- [Required work] In full and unchanged, set down the entries that follow, with no images.

- [Provided information]
[Start of Attachment]
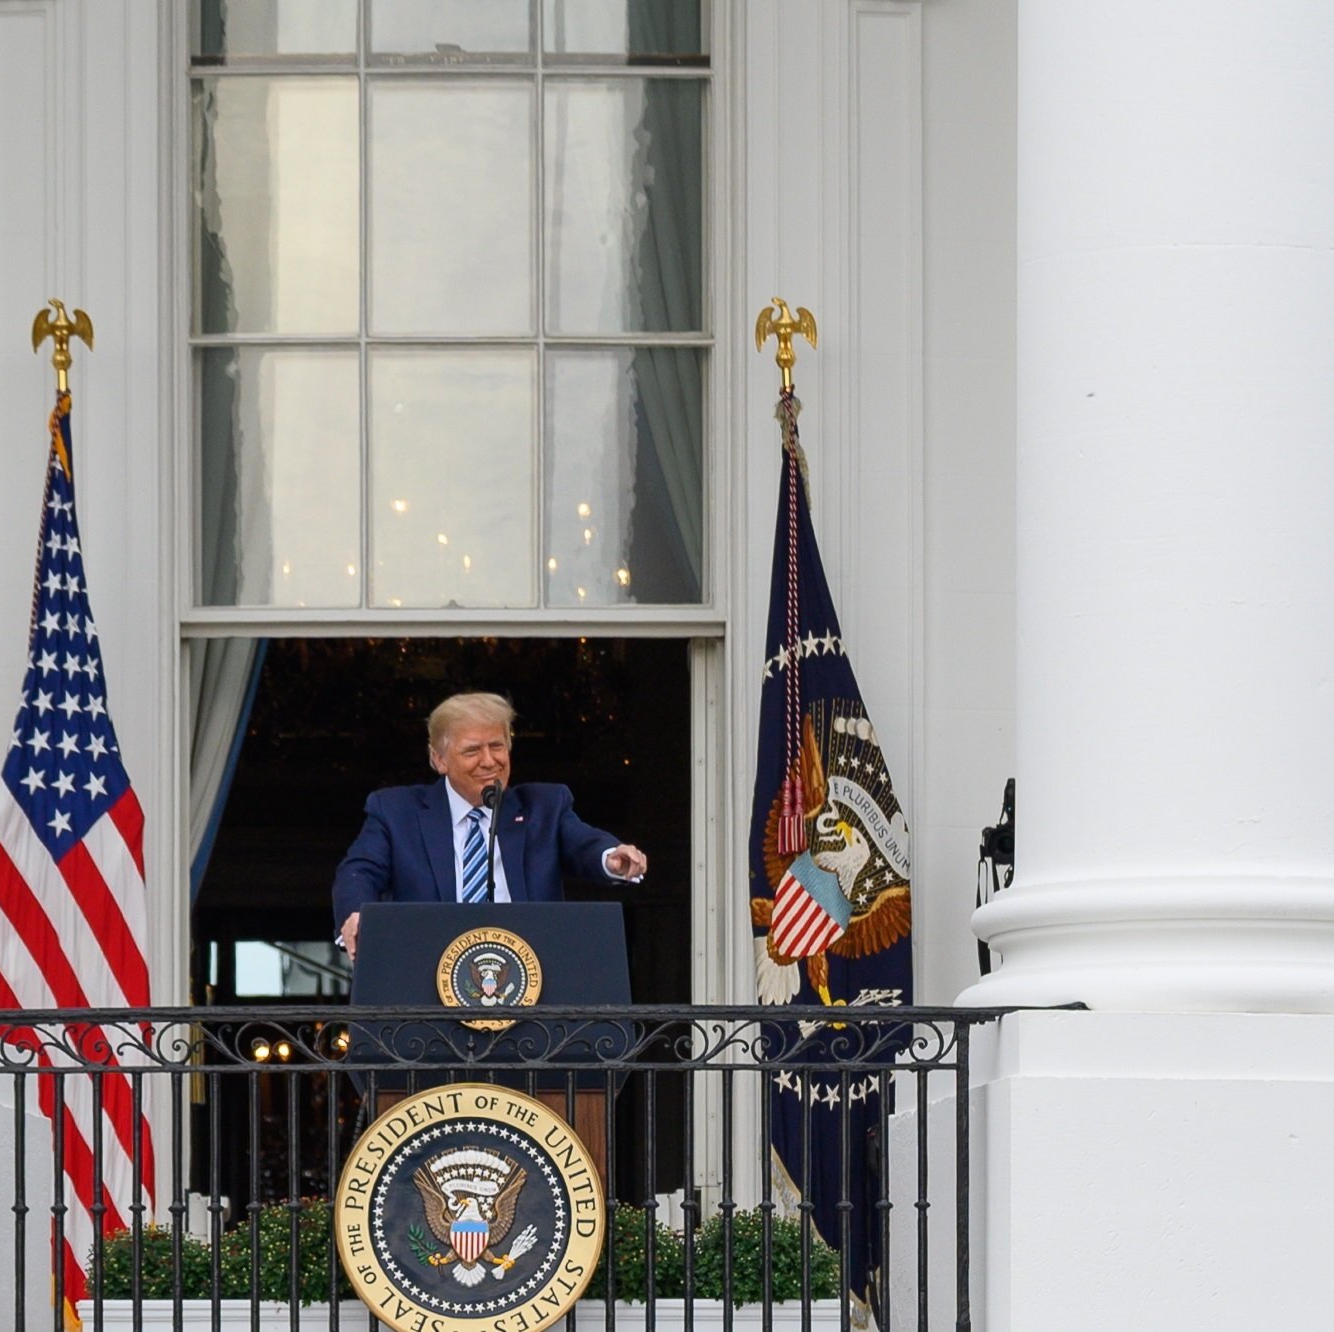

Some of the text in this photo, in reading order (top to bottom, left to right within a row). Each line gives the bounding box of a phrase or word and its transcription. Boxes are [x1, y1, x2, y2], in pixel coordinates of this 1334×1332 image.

[834, 782, 911, 873] E PLURIBUS UNUM
[441, 931, 489, 975] PRESIDENT
[503, 935, 517, 947] THE
[518, 945, 539, 988] UNITED
[474, 1095, 499, 1110] OF
[506, 1101, 539, 1128] THE
[344, 1092, 463, 1211] PRESIDENT
[543, 1125, 597, 1238] UNITED
[347, 1223, 365, 1257] THE
[357, 1265, 378, 1285] OF
[End of Attachment]
- [Solution to this exercise]
Some of the text in this photo, in reading order (top to bottom, left to right within a row). Each line gives the bounding box of a phrase or word and its transcription. Boxes are [x1, y1, x2, y2], in pixel coordinates of this 1334×1332 image.

[834, 782, 911, 873] E PLURIBUS UNUM
[441, 931, 489, 975] PRESIDENT
[503, 935, 517, 947] THE
[518, 945, 539, 988] UNITED
[474, 1095, 499, 1110] OF
[506, 1101, 539, 1128] THE
[344, 1092, 463, 1211] PRESIDENT
[543, 1125, 597, 1238] UNITED
[347, 1223, 365, 1257] THE
[357, 1265, 378, 1285] OF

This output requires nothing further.